## Task:
Which of the lines in the records below hold the string "Notice"? Copy every one of them.

## Dataset content:
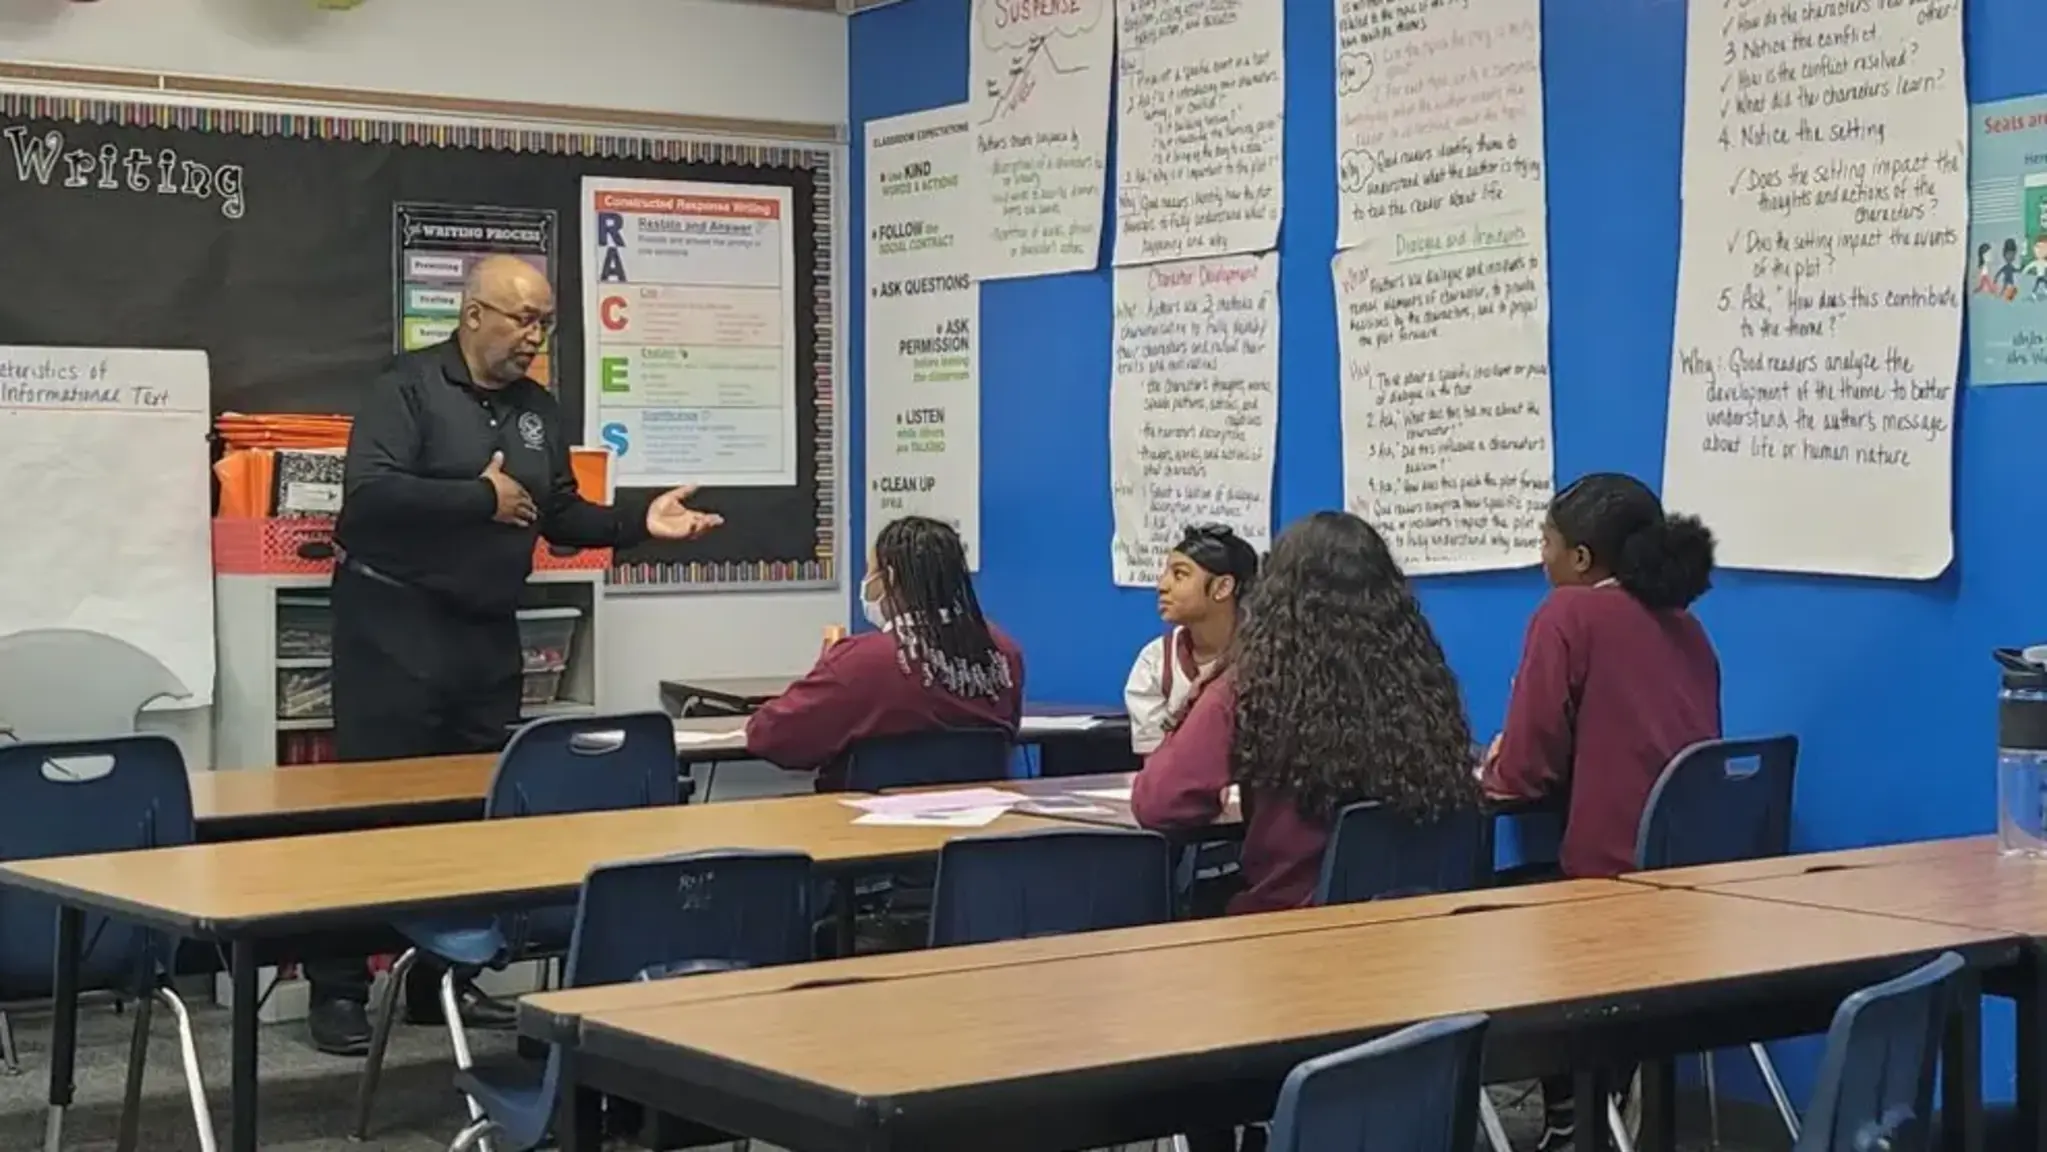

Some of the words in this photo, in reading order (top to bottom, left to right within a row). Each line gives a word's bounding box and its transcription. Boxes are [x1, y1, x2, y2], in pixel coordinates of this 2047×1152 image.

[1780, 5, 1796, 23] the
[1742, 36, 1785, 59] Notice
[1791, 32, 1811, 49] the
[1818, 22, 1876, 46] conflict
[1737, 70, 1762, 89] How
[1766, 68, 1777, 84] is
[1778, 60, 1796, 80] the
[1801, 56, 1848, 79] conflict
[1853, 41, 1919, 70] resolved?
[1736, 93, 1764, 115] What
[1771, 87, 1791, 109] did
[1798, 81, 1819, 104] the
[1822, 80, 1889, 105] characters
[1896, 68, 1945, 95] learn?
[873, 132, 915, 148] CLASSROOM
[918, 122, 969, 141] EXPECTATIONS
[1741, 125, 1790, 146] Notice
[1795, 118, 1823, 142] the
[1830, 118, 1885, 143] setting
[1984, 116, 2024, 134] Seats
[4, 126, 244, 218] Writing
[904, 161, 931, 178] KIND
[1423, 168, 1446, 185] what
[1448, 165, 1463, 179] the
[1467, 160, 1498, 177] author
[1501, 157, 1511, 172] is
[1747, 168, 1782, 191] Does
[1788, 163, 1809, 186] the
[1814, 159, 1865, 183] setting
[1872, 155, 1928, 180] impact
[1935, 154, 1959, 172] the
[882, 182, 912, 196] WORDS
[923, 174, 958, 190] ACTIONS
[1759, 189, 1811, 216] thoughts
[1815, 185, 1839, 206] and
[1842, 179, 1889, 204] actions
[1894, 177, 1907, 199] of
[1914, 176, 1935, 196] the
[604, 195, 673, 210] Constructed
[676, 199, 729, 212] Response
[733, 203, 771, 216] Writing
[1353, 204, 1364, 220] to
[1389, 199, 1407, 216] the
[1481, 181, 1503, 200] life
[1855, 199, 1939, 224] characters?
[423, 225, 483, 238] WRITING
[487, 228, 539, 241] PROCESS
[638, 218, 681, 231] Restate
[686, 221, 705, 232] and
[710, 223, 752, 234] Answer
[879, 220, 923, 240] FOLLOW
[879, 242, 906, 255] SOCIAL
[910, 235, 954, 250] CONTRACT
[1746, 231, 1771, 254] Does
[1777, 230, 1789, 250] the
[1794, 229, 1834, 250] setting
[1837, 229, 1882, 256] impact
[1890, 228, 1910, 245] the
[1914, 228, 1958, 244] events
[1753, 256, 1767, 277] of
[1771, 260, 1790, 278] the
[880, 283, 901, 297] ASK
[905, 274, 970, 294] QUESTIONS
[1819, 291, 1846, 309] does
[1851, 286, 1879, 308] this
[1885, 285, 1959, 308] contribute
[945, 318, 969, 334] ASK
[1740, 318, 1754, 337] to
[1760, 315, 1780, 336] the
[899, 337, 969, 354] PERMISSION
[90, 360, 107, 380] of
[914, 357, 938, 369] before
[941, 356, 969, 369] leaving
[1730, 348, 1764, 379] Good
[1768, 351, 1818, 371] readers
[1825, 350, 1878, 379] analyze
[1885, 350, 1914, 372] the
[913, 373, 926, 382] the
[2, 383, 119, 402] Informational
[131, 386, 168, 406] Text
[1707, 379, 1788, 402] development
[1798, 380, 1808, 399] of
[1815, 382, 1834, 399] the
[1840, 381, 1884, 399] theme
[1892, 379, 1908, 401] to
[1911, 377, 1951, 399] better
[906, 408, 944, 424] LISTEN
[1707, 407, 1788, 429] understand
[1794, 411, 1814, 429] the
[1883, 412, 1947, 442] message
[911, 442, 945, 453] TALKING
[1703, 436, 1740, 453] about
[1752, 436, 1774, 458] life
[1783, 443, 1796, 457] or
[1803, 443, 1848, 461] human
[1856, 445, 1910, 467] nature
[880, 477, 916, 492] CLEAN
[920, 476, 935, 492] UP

## Written reply:
[1742, 36, 1785, 59] Notice
[1741, 125, 1790, 146] Notice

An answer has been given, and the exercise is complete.